Knowing the far-reaching implications for this type of tool, the OLR team worked with federal programs and finance leaders across NCDPI. Additionally, they consulted leaders including superintendents and chief financial officers of North Carolina school districts and charter schools in the design process to ensure that the tool met their immediate needs. Finally, Drs. Brooks Bowden, associate professor at the Graduate School of Education at the University of Pennsylvania, and Nora Gordon, professor at the Georgetown University McCourt School of Public Policy,  served as collaborators on the design of the ROI toolkit to ensure validity of the tool.

Rolling Out the Toolkit: Engaging Leaders Across the State

In rolling out the toolkit, the OLR Team intentionally invited diverse stakeholders to the table, including district staff from finance, federal programs, academics, and cabinet-level leadership. It was crucial to bring together the financial, compliance, and programmatic pieces of the “ESSER puzzle” to allow them to work collaboratively to take stock of their ESSER-funded investments and explore academic progress post-pandemic. 

To ensure that the ESSER Funding Cliff Toolkit reached as many district leaders as possible, the OLR Team organized a comprehensive rollout plan, which began with a series of introductory webinars that provided an overview of the toolkit and its components. These webinars were followed by nine in-person sessions, held in each of the eight state board of education regions across North Carolina where over 400 leaders attended. Building upon the initial learning from informational webinars, in-person learning sessions featured interactive presentations that allowed district teams to practice using the tool with simulated data as well as their own. By the end of the session, participants left with new, personalized data sets and tools to tackle the impending ESSER funding cliff. After each session, the team collected feedback that improved the toolkit and subsequent learning sessions.
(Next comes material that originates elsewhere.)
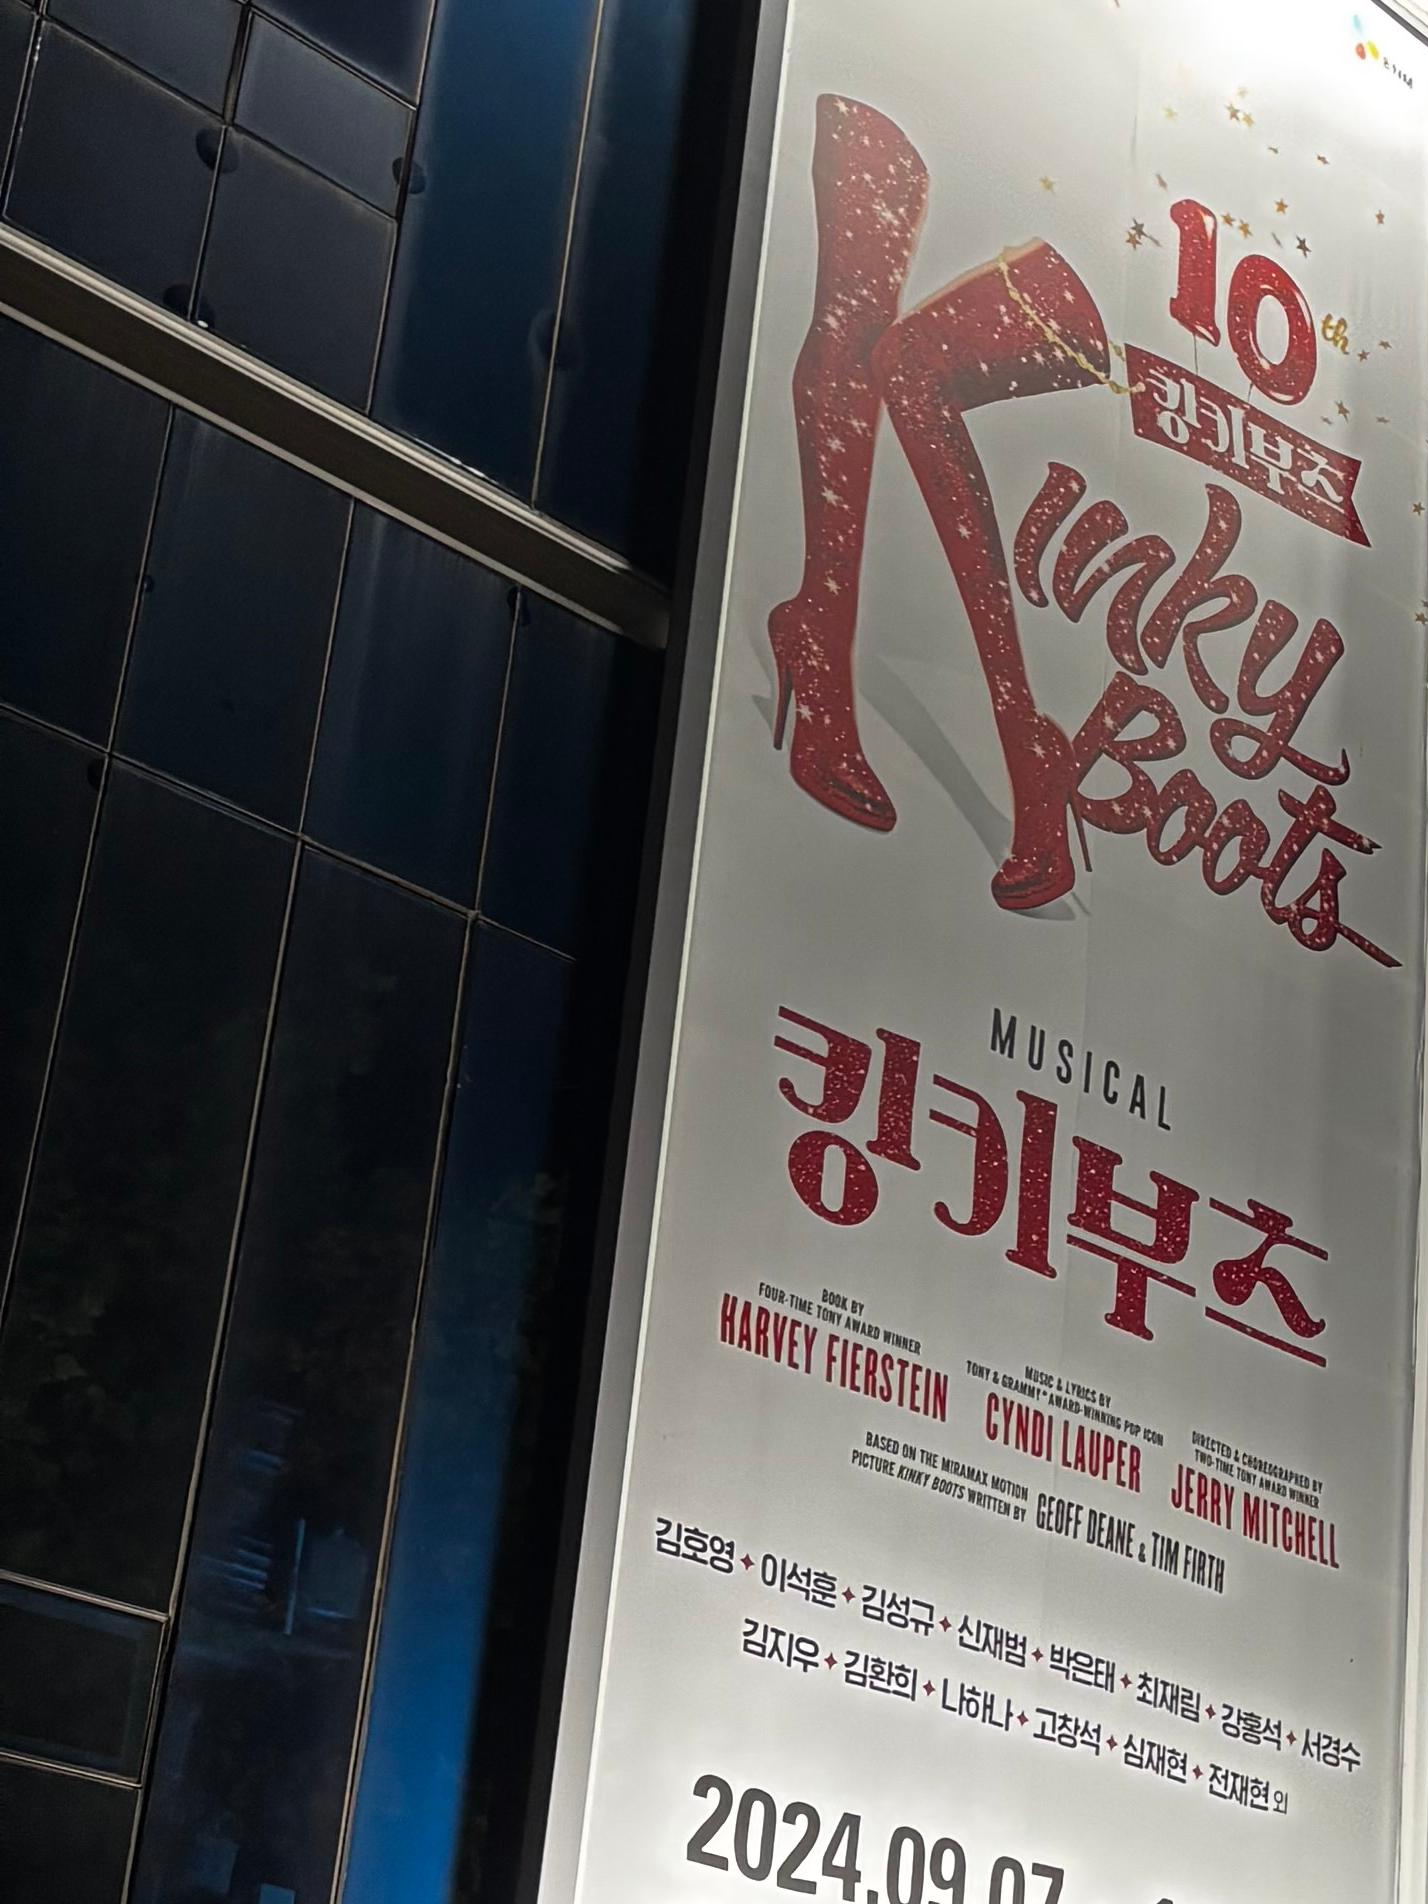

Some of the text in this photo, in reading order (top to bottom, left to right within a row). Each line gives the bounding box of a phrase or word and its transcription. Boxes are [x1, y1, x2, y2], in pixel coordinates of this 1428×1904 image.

This process laid the groundwork for continued support and collaboration among district and school leaders.

What's Next: Expanding the Toolkit's Reach

Next steps for the OLR Team include expanding the use of the toolkit and working with district and charter schools to apply the ROI framework to help districts make evidence-based financial decisions across all funding sources. Districts are already using the toolkit beyond ESSER-funded programs. One district shared how they applied the ROI framework to their afterschool tutoring programs. Other districts have shared how they plan to use the ROI framework and funding cliff toolkit to guide conversations with principals who receive Title I funds in their schools to determine potential tradeoffs in the upcoming budget year.

As North Carolina schools inch closer to the end of ESSER, the goal is to continue to encourage districts and charters to incorporate evidence-based decision-making into their budgeting and program planning processes. This ensures that districts and schools are prioritizing those programs and initiatives that deliver the most significant impact for students.

In addition to expanding support to North Carolina districts and schools, we also hope that this supportive approach can be replicated in other SEAs across the nation. We are honored to have our toolkit featured in the National Comprehensive Center’s upcoming Communities of Practice (CoP) Strategic Planning for Continued Recovery (SPCR) and believe that cross-SEA collaboration in this CoP will improve the usefulness of the toolkit. 


Rachel Wright-Junio is the director of the Office of Learning and Research (OLR) at the North Carolina Department of Public Instruction (NCDPI); Jeni Corn is the director of research and evaluation in OLR; and Andrew Smith is the deputy state superintendent in the NCDPI Division of Innovation.